Three student friends contemplate whether the pursuit of academic accomplishment is ultimately fulfilling or futile in Fedunkiw’s debut novel.
At the University of Toronto in 2002, Lily Halton defends her dissertation and envisions the start of a successful academic career. She craved intellectual fulfillment over luxury when she started in the History of Science, Medicine and Technology Institute’s master’s degree program, and she made two fast friends with similar goals. Simon was posh, British, gay, and brilliant; Greg was always struggling to keep up with the intellectual powerhouses, but was a faithful friend.

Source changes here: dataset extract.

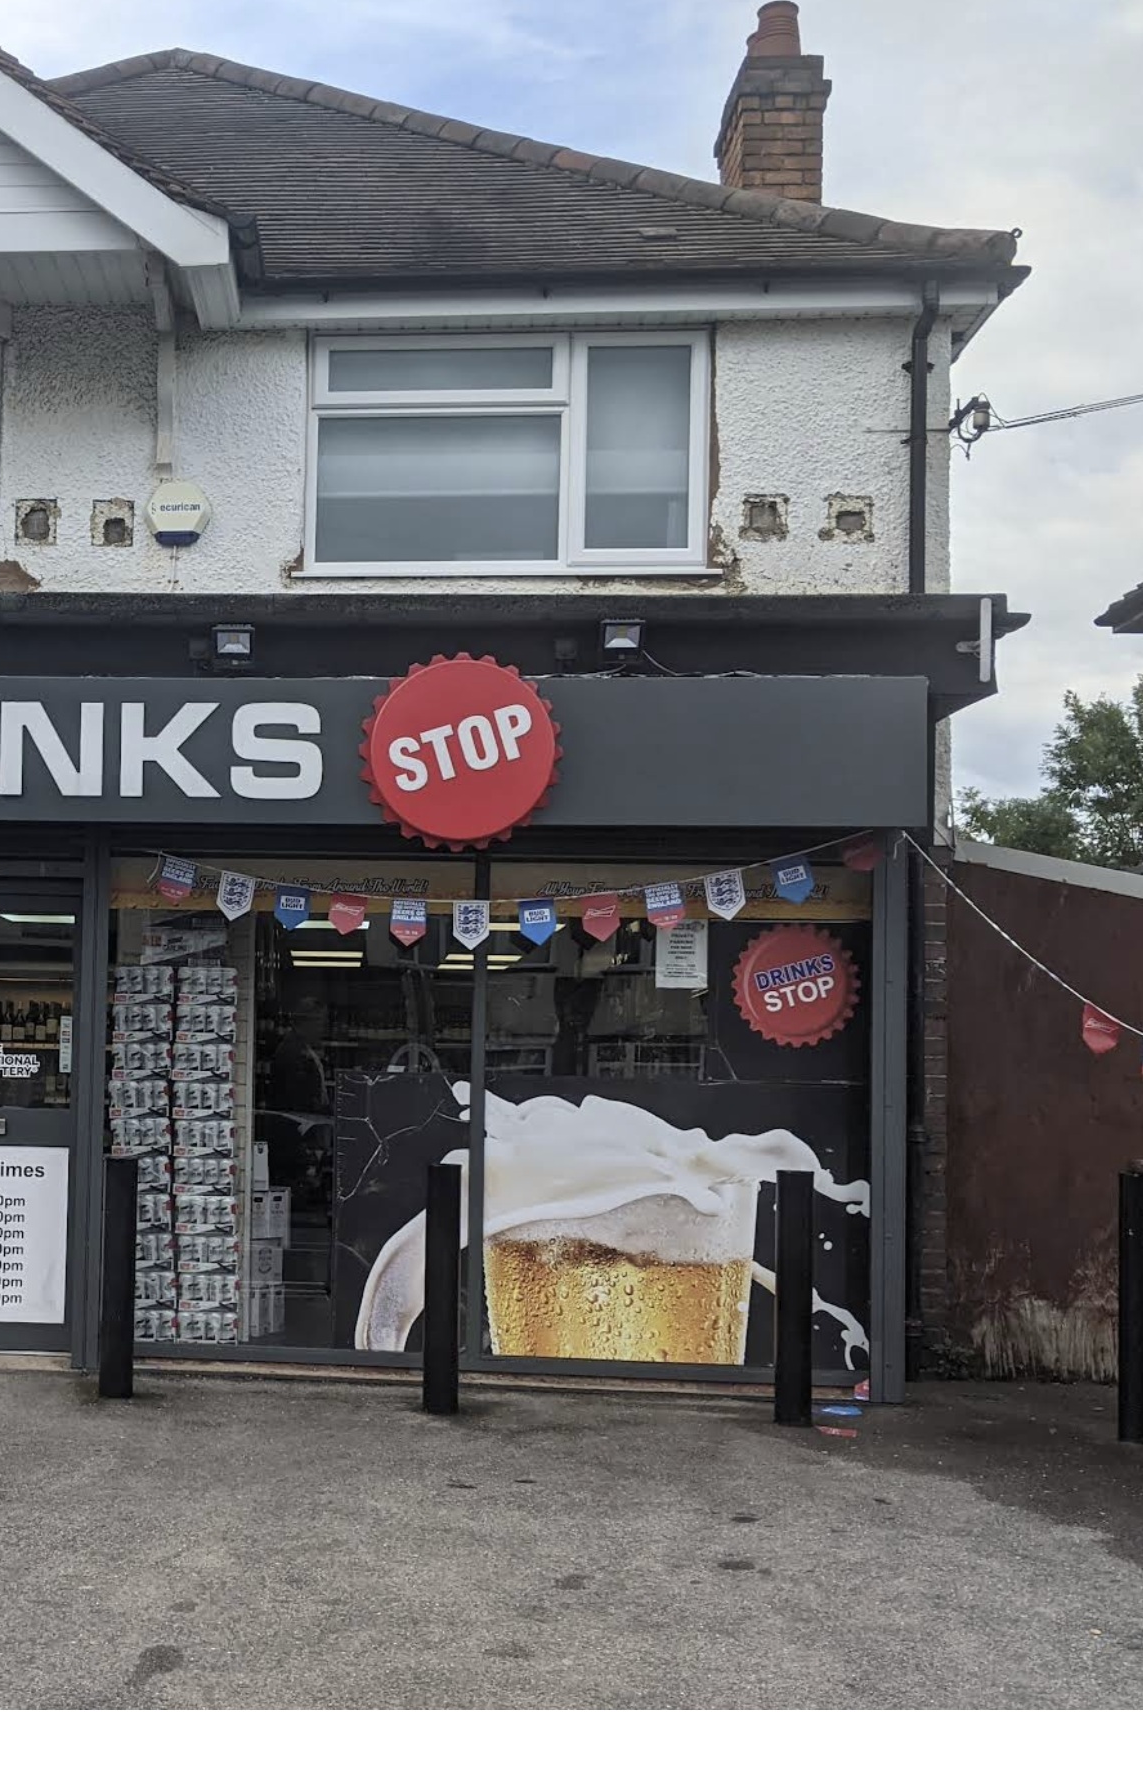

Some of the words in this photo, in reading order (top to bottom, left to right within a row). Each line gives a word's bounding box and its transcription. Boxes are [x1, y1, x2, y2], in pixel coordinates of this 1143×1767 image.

Lily’s only regret now is that they will soon part ways; Simon’s already at the University of Oxford and Greg still hasn’t finished at U of T. However, Lily’s expectations deflate when she struggles to obtain an academic post. A year of applications and living on crumbs finally yields her a fellowship at Oxford, joyously reuniting her with Simon. They embark on a companionable adventure there, enjoying both the school and the town. But their fellowships expire in a flash, leaving them both scrambling for new positions before they’re impoverished and homeless. Meanwhile, the struggle for academic success proves to be too much for Greg without the in-person support of his friends, and he abandons his degree. Hence, the novel follows Lily and Simon through a decade of struggling for financial stability, and no amount of published research seems to help them succeed in the system. Greg appears to be the only sensible one, making a life for himself outside academia. Fedunkiw’s prose epitomizes her insider’s knowledge of the academic system but isn’t hampered by the dry tone of the scholar. Her dialogue richly depicts each character; Simon, in particular, is, as Lily calls him, a “verbose pedant” whose every remark is a bon mot: “Never let it be said that I do not acknowledge, to use your vernacular, the little people.” Overall, she displays impressive writing skill, with only two minor criticisms: Simon is so engaging and central to the storyline, one wonders whether the novel would have been better from his point of view, and the fact that the story is mired in the minutiae of academic posts won’t make it appeal to the broadest of audiences.
A charming, absorbing read for the academia-inclined that may struggle for readership outside its hallowed halls.